*Your goal*: Could you output the listing that follows exactly, without its images?

*Study material*:
------------------------------
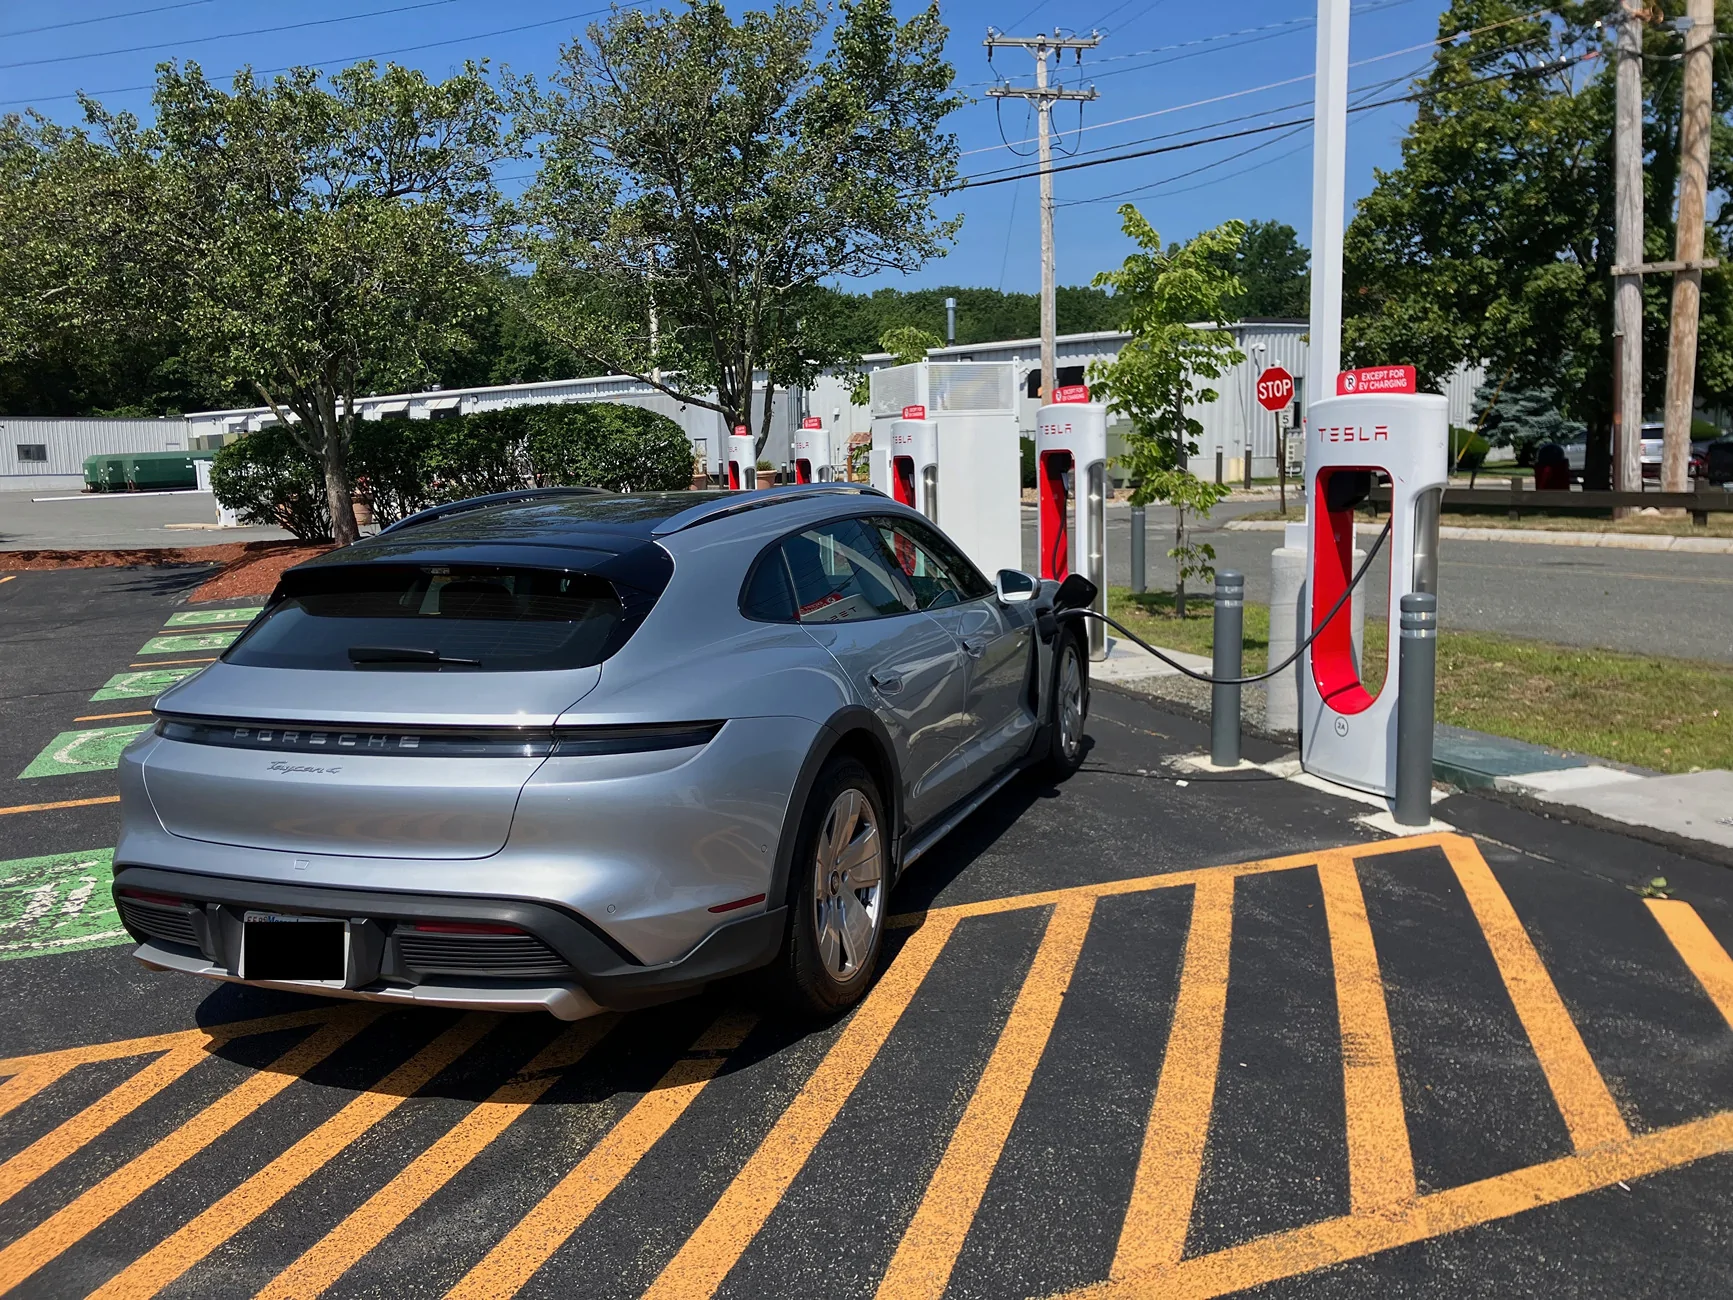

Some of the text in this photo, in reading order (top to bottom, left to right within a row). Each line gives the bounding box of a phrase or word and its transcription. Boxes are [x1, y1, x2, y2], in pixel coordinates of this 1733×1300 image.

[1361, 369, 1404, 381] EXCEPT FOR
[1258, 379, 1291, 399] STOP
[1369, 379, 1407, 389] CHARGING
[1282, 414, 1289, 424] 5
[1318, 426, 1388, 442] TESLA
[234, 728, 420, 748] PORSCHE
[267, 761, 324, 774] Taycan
------------------------------
*Finished exercise*:
Some of the text in this photo, in reading order (top to bottom, left to right within a row). Each line gives the bounding box of a phrase or word and its transcription. Boxes are [x1, y1, x2, y2], in pixel coordinates of this 1733×1300 image.

[1361, 369, 1404, 381] EXCEPT FOR
[1258, 379, 1291, 399] STOP
[1369, 379, 1407, 389] CHARGING
[1282, 414, 1289, 424] 5
[1318, 426, 1388, 442] TESLA
[234, 728, 420, 748] PORSCHE
[267, 761, 324, 774] Taycan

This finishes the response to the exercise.